L’immagine, pubblicata l’11 luglio, è stata scattata dal più recente osservatorio spaziale del mondo, il telescopio spaziale James Webb. Si tratta della prima vera istantanea della missione, avviata più di sei mesi fa e attualmente in orbita a circa un milione di chilometri dalla Terra.

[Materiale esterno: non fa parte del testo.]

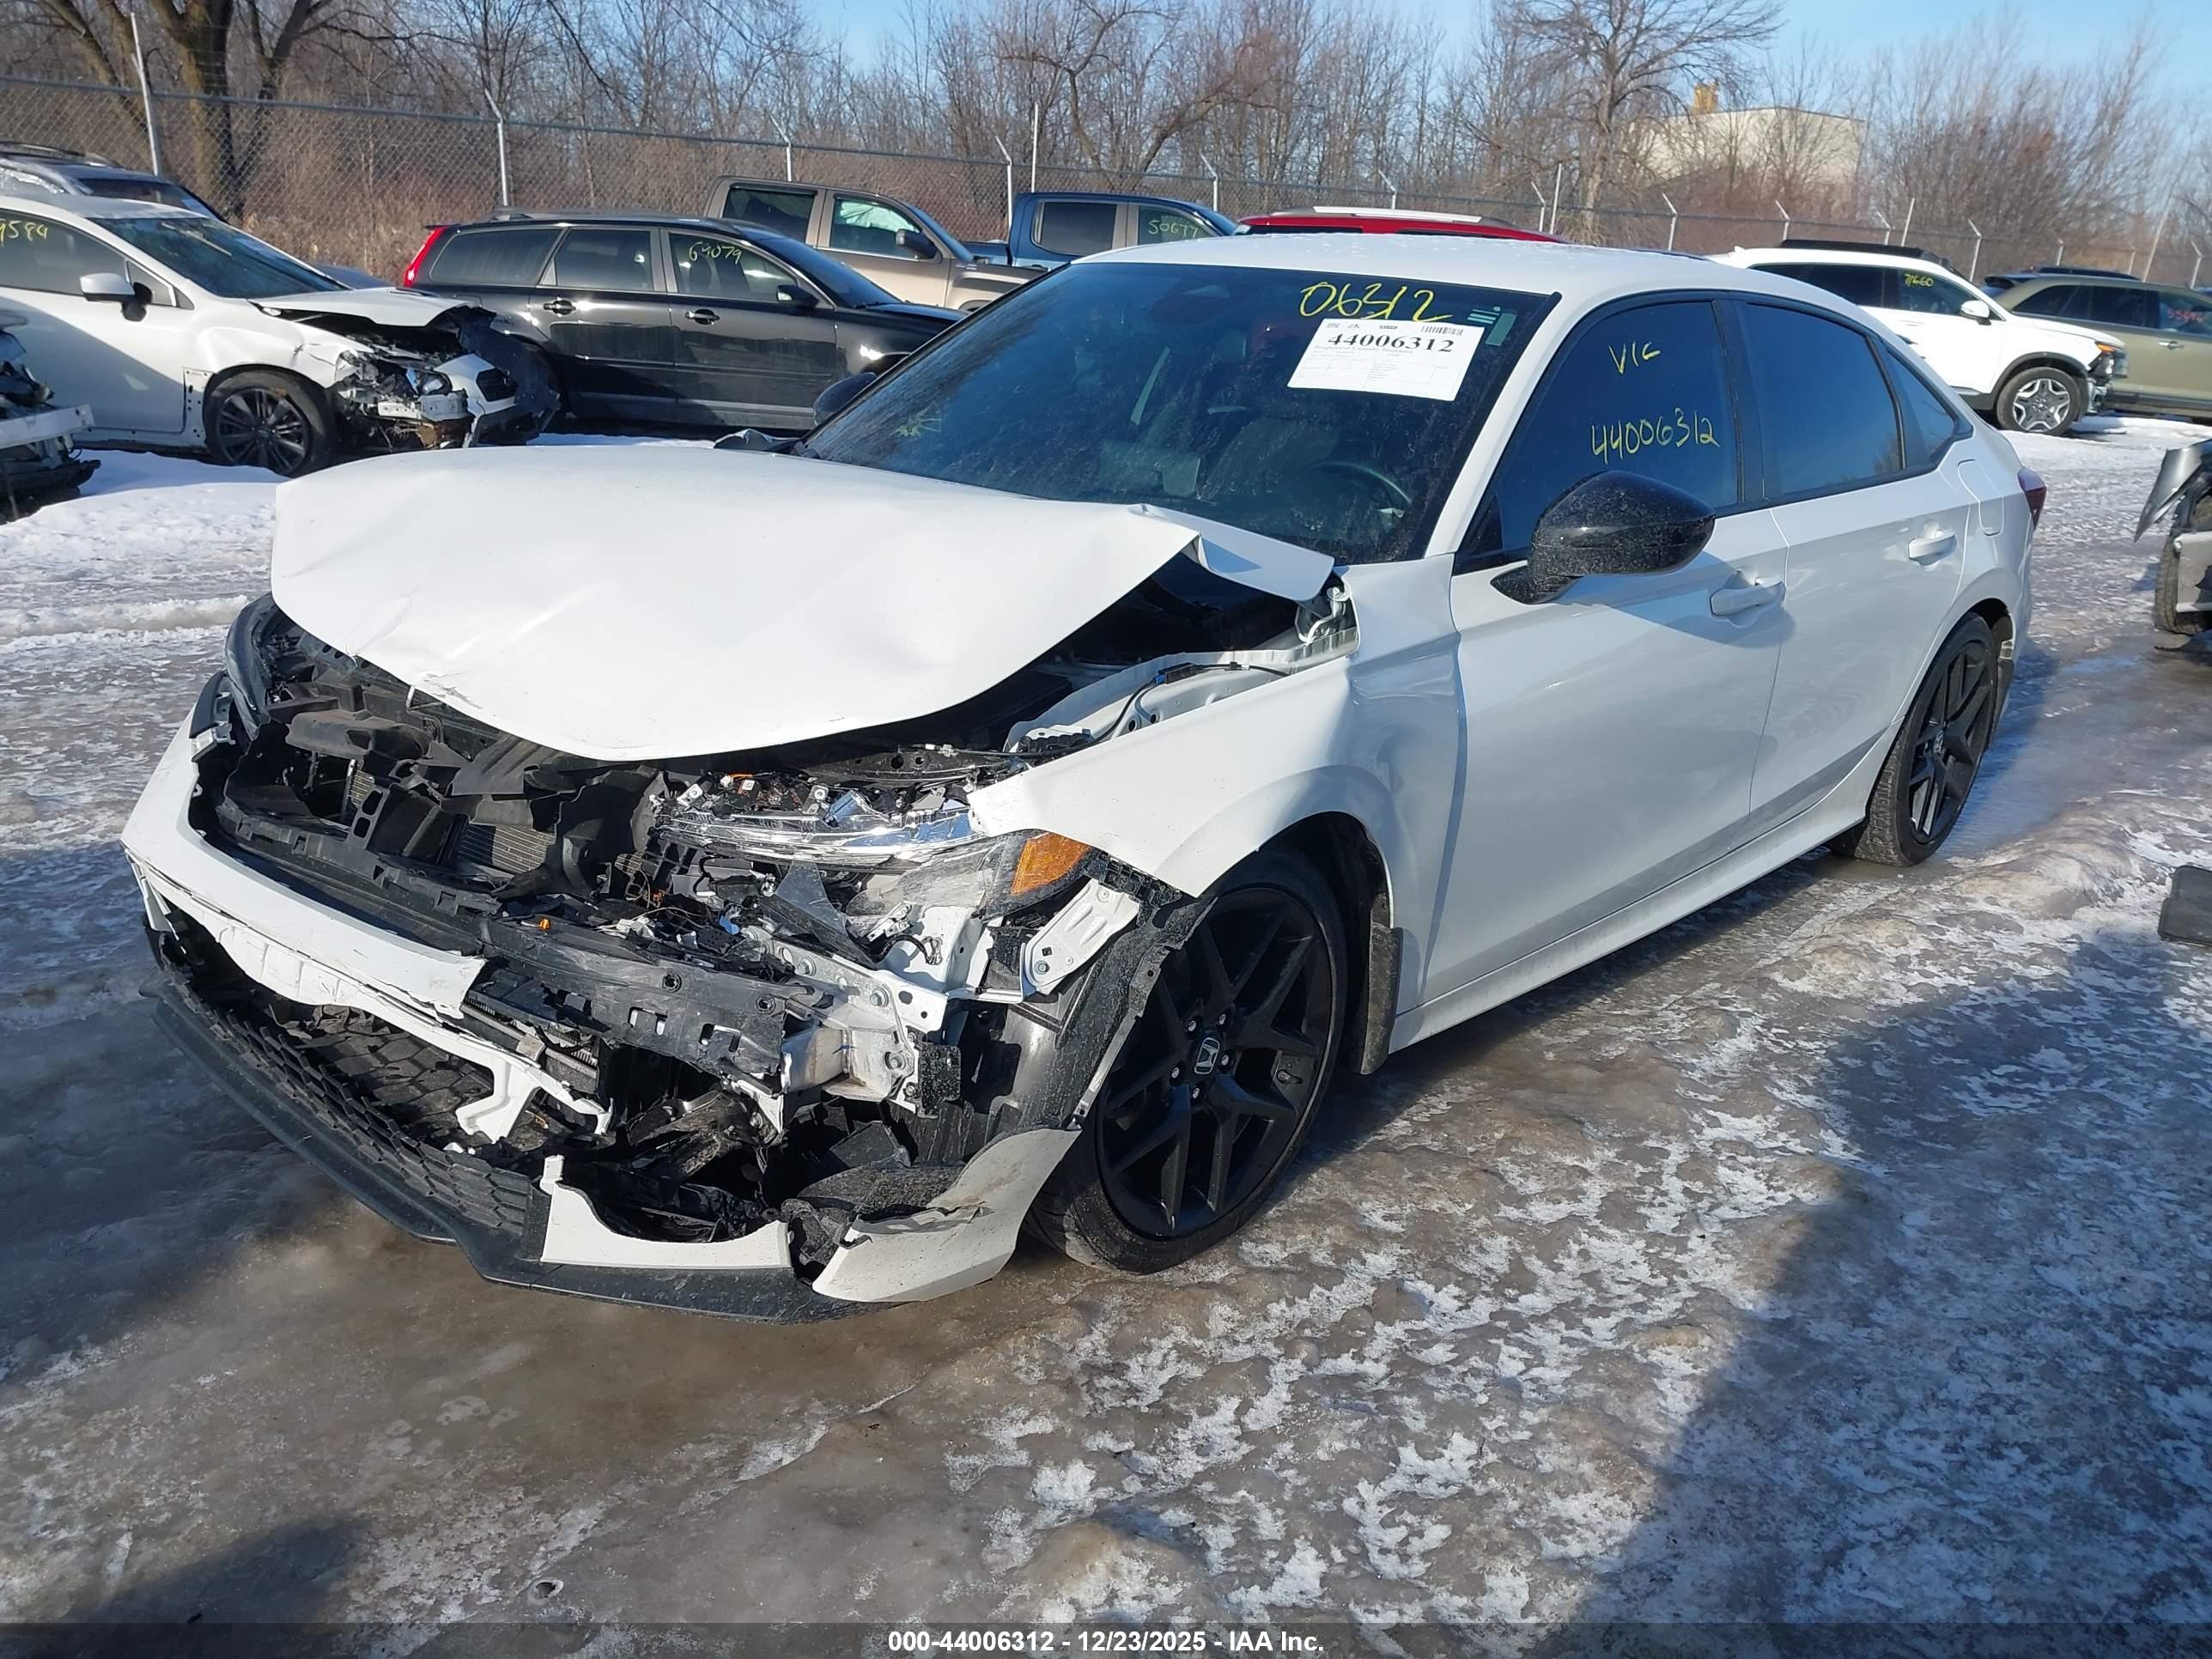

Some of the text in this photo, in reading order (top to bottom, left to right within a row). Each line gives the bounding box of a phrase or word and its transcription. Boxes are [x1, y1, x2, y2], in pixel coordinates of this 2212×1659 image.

[1299, 281, 1454, 322] 06312
[1328, 332, 1455, 353] 44006312
[1590, 407, 1722, 465] 44006312

L’immagine è bella e scintillante, un’ottima scelta per lo sfondo di un computer. Ma è anche, fatto più importante, una visione completamente nuova dell’universo. La luce delle galassie in primo piano è partita 4,6 miliardi di anni fa, e quella delle galassie che si trovano sullo sfondo ancora prima. Tutta questa luce è stata catturata con un grado di dettaglio senza precedenti dal telescopio spaziale più potente della storia, facendo di quest’istantanea una delle immagini dell’universo più profonde e ad alta risoluzione che l’umanità abbia mai scattato.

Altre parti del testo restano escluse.